Pular para o conteúdo principal

Provenance-Aware Knowledge Representation: A Survey of Data Models and Contextualized Knowledge Graphs- Leitura de Artigo

 Sikos, L.F., Philp, D. Provenance-Aware Knowledge Representation: A Survey of Data Models and Contextualized Knowledge Graphs. Data Sci. Eng. 5, 293–316 (2020). https://doi.org/10.1007/s41019-020-00118-0

Abstract

... However, the standard used for representing these triples, RDF, inherently lacks the mechanism to attach provenance data, which would be crucial to make automatically generated and/or processed data authoritative.

[proveniência é um tipo de meta informação de contexto pq o fato representado depende da fonte para ser interpretado como válido]

This paper is a critical review of data models, annotation frameworks, knowledge organization systems, serialization syntaxes, and algebras that enable provenance-aware RDF statements.
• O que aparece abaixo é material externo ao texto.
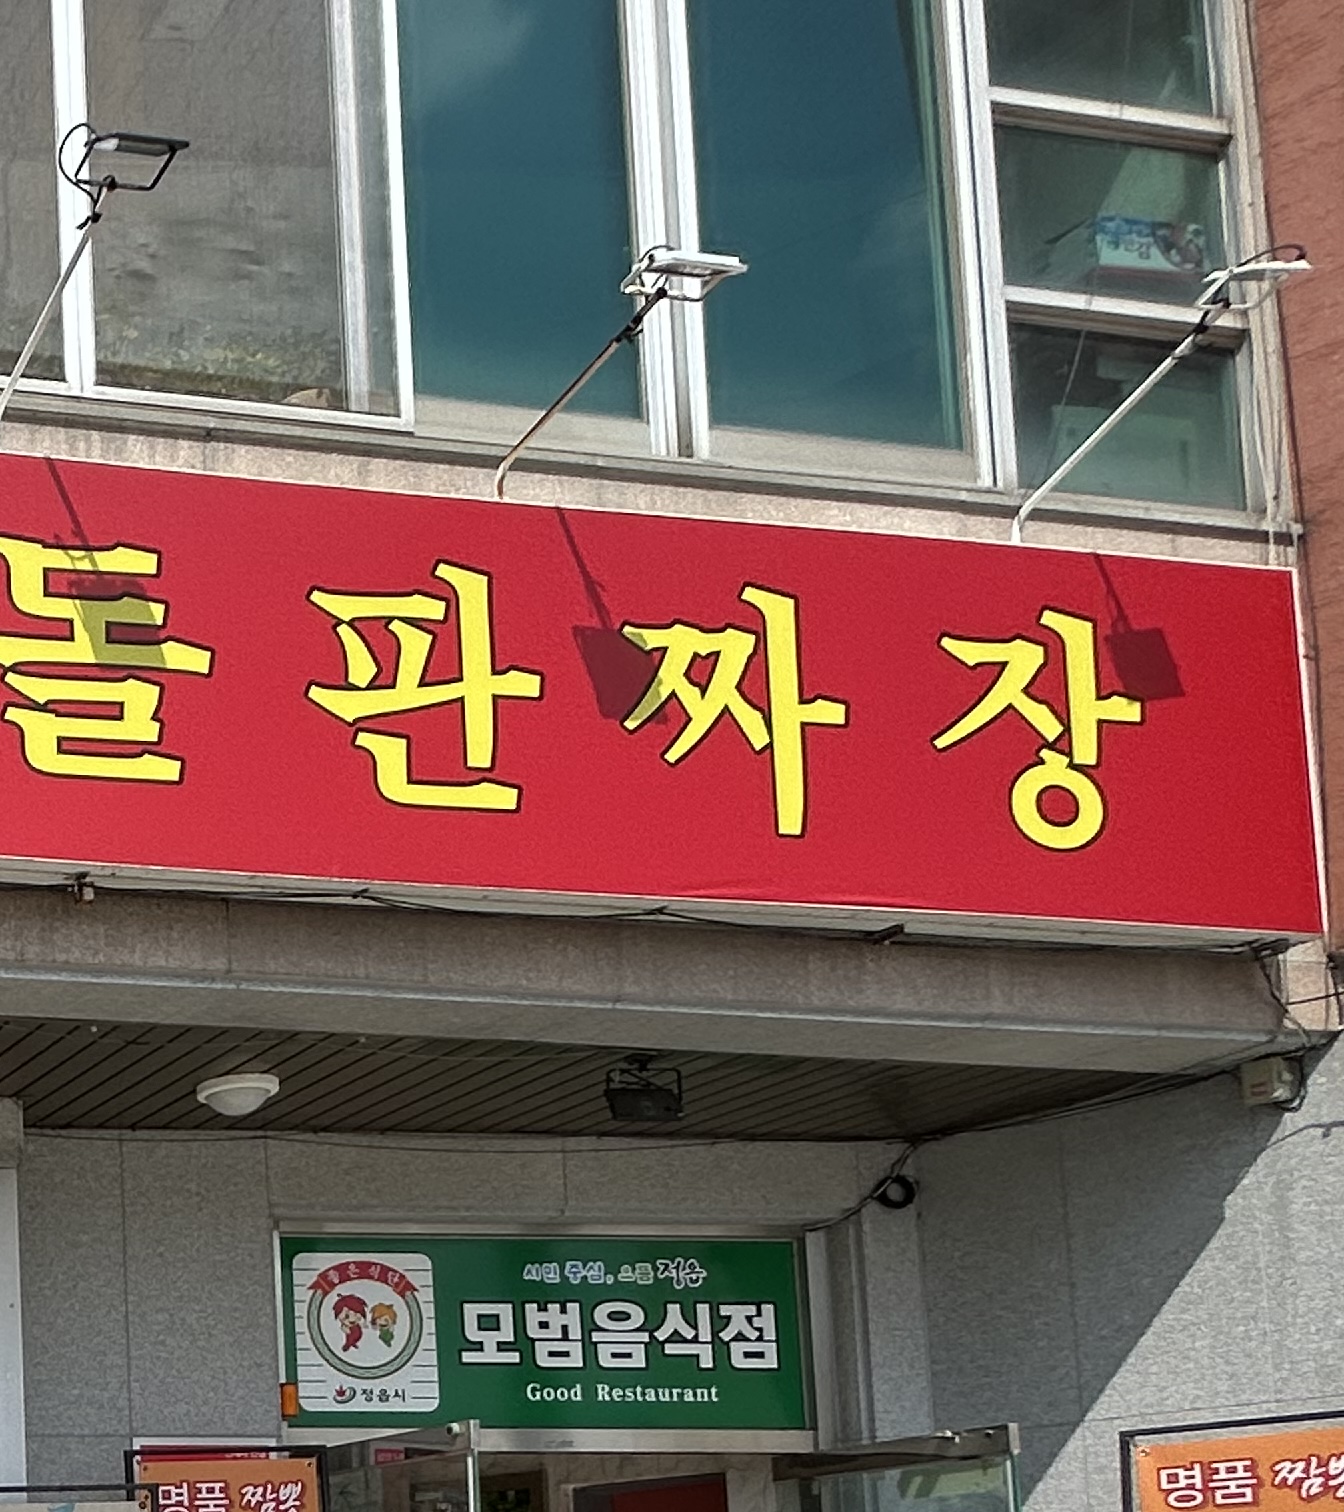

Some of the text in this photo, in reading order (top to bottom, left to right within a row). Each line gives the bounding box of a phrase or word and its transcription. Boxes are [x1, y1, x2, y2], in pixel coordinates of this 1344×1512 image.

The various approaches are assessed in terms of standard compliance, formal semantics, tuple type, vocabulary term usage, blank nodes, provenance granularity, and scalability. This can be used to advance existing solutions and help implementers to select the most suitable approach (or a combination of approaches) for their applications. Moreover, the analysis of the mechanisms and their limitations highlighted in this paper can serve as the basis for novel approaches in RDF-powered applications with increasing provenance needs.

[O que for proposto para proveniência em RDF pode ser avaliado para outros contextos] 

Introduction to RDF Provenance

These benefits make RDF appealing for a wide range of applications; however, RDF has shortcomings when it comes to encapsulating metadata to statements. With the proliferation of heterogeneous structured data sources, such as triplestores and LOD datasets, capturing data provenance, i.e., the origin or source of data, and the technique used to extract it, is becoming more and more important, because it enables the verification of data, the assessment of reliability, the analysis of the processes that generated the data, decision support for areas such as cybersecurity, cyberthreat intelligence, and cyber-situational awareness, and helps express trustworthiness, uncertainty, and data quality.
 
[Motivação: KG hiper relacionais para integração de várias fontes de dados]
 
Yet, the RDF data model does not have a built-in mechanism to attach provenance to triples or elements of triples. Consequently, representing provenance data with RDF triples is a long-standing, non-trivial problem. While the World Wide Web Consortium (W3C) suggested RDF extensions in 2010 to support provenance in the upcoming version of the standard, none of these have been implemented in the next release in 2014, namely in RDF 1.1.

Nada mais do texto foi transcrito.